Now you leave us, dear brother,
for other climes;
now you are going away
to the Kingdom of Heaven.
— From Don Pedrito Jaramillo,” an old Texas-Mexican ballad
DONNA —They played taps at the funeral of Juan and Esther Garza Saturday afternoon. The mournful tune came from a cassette recorder nestled between the branches of a tree near the gravesite.
The Garzas were buried in simple identical brown coffins at the edge of town, in a cemetery by the railroad tracks. His was draped by an American flag — he was an Air Force veteran — hers was decorated with a wreath of pink carnations.
It will be a long time, however, before people here bury the thoughts of how the young couple died, or why.
It will take a while for them to forget, the tragic figure of Gertrudes Garza as she tearfully formed a cross atop her daughter-in-law’s coffin with a handful of dirt, and how she then clung hysterically to her son’s casket.
Or the sight of the mother and another son inside the church while the priest distributed Holy Communion. The son, one of the pallbearers, sat down and threw his head back in exhaustion. It landed in the arms of his mother, who was kneeling behind him. She reached around and hugged him, and he grasped her arms, and together they cried silently.
“It just isn’t right,” said Ramiro Alegría outside St. Joseph’s Catholic Church as the choir sang a Spanish version of “Just a Closer Walk With Thee.” Alegría described himself as a friend of both Garza and the man charged with his death, and he said he couldn’t believe one friend was dead and the other in jail, accused of killing him.

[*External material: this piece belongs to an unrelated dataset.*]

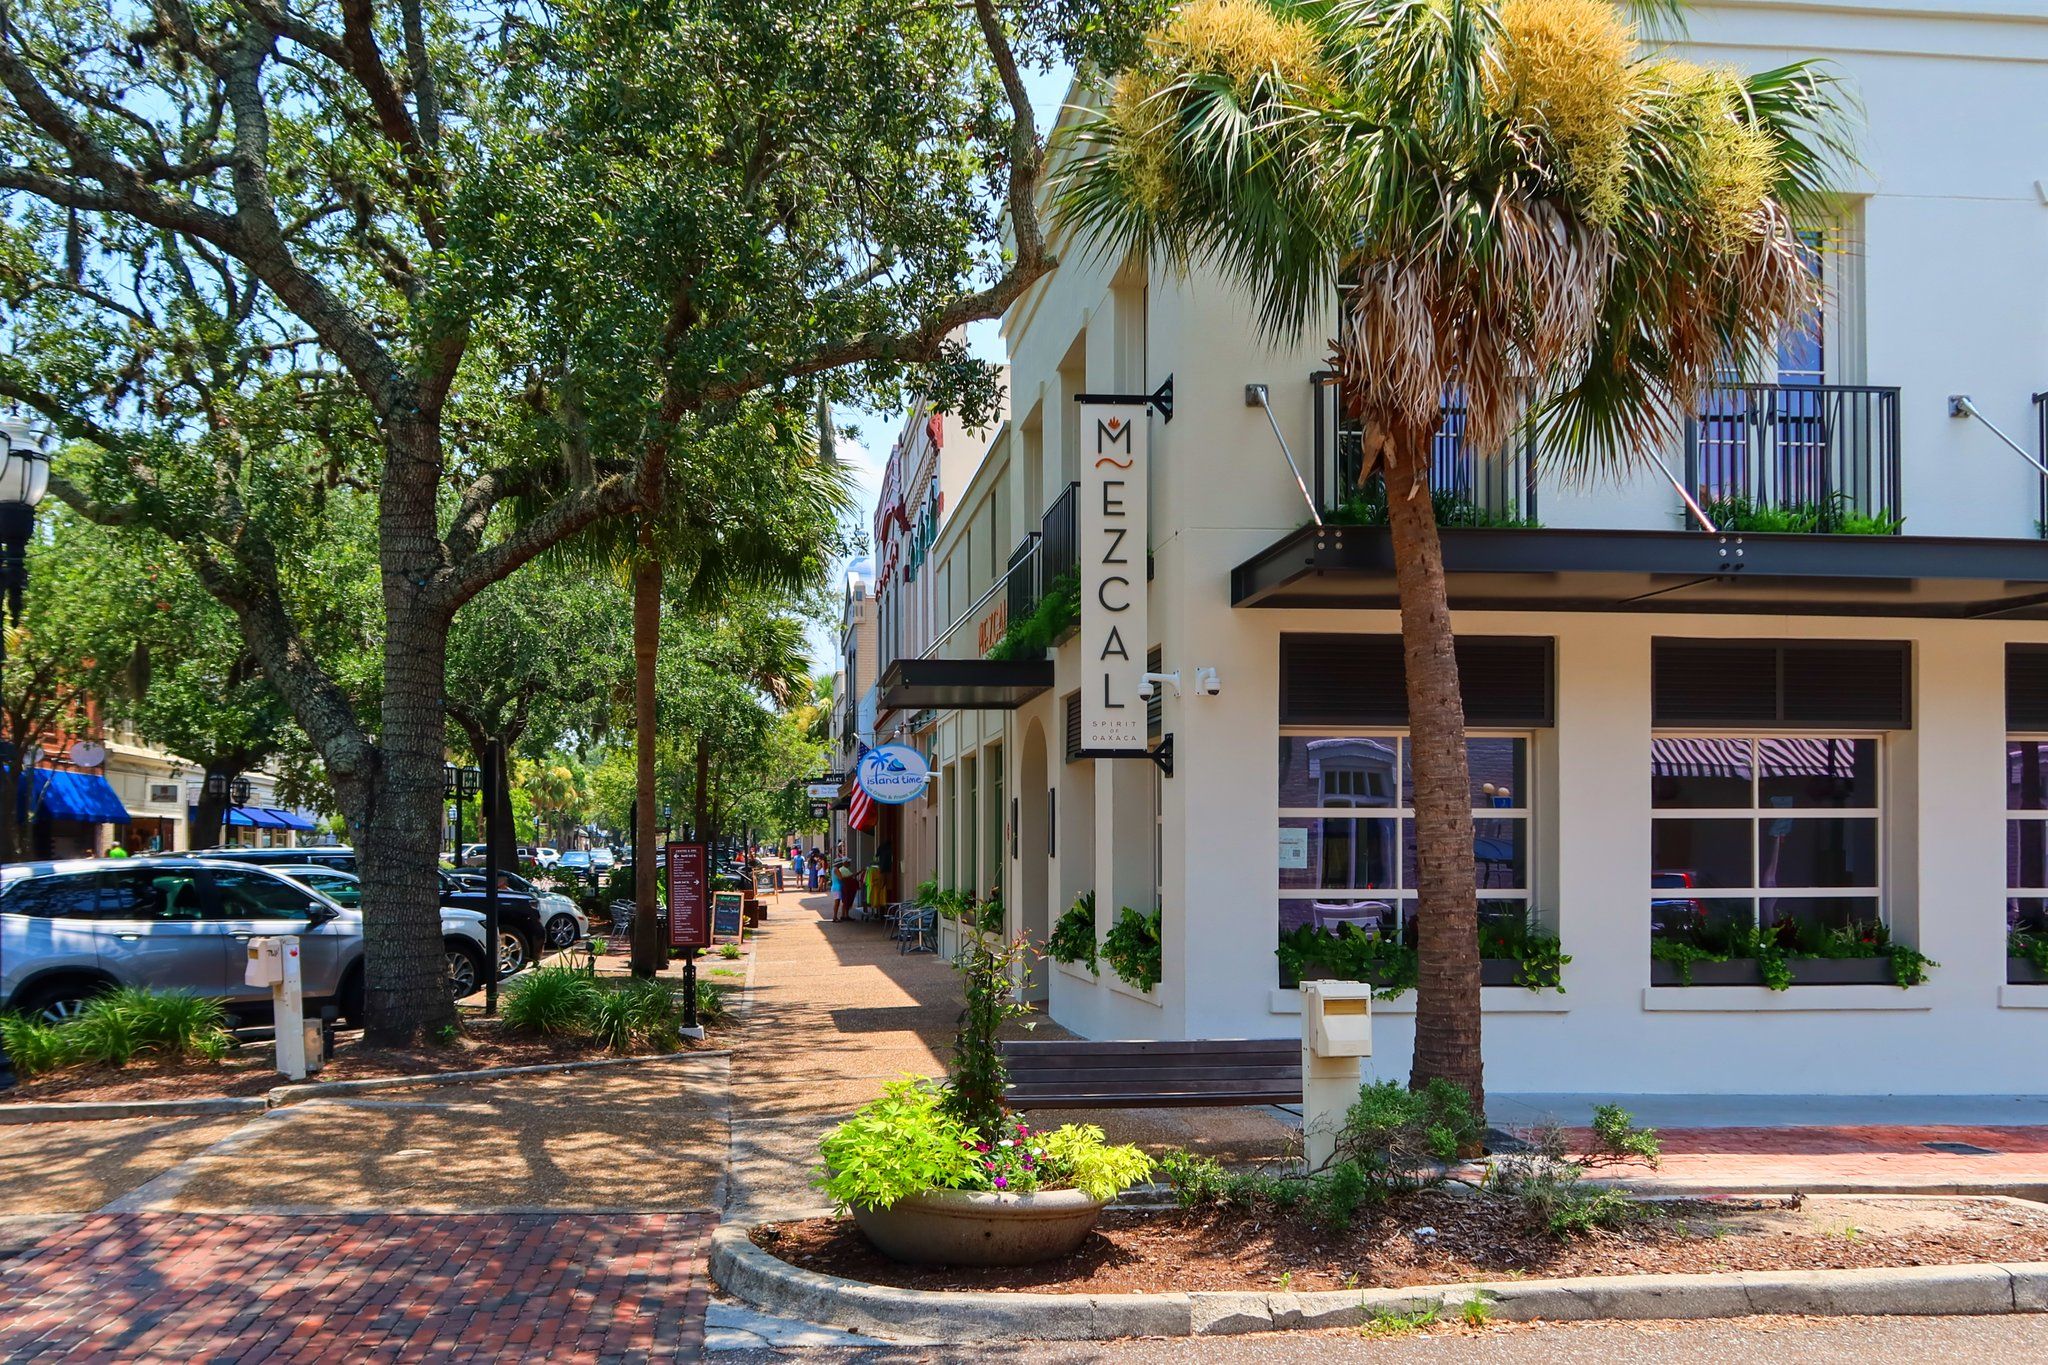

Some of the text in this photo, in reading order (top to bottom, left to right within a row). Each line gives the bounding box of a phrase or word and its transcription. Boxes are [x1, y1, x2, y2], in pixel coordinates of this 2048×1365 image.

[1097, 418, 1132, 709] MEZCAL
[866, 775, 922, 785] island time

The 400 people who joined the Garzas in their grief knew, of course, that there is nothing right about death that comes, as Father Joseph Mathey said at the funeral, “like a thief in the night, without warning.”
Although the only reference in the priest’s remarks to the senselessness that led to the funeral was his observation that Juan and Esther “did not know they would die so tragically,” the people there were very much aware that if it hadn’t been for one man’s rampage, there would not have been a funeral that day.
Many people here in this town of 9,932 have, like Alegría, spent the last few days talking about the deaths of the two former residents.
“They’re asking why,” said family friend Macaria Castañeda. “They want to know how such a thing could happen.”
Authorities say they know how: The Garzas died Tuesday at the hands of Eliseo Moreno, their brother-in-law, in their College Station home — but they too are ignorant as to why it happened. The Garzas were the first of Moreno’s alleged victims to die in last week’s tragedy. Ironically, they were the last to be buried.
James Arthur Bennett, 62, was buried Thursday in Shilo Cemetery in Hempstead, and Ollie Wilkins, 79, was buried Friday in Salem Cemetery in Hempstead. Russell Lynn Boyd, 25, a Department of Public Safety officer, was also buried Thursday, in Weatherford.
It is almost a given that people reacting to this type of tragedy will say they are shocked, that the accused was a quiet man, certainly not the type who would gun down another person, much less five.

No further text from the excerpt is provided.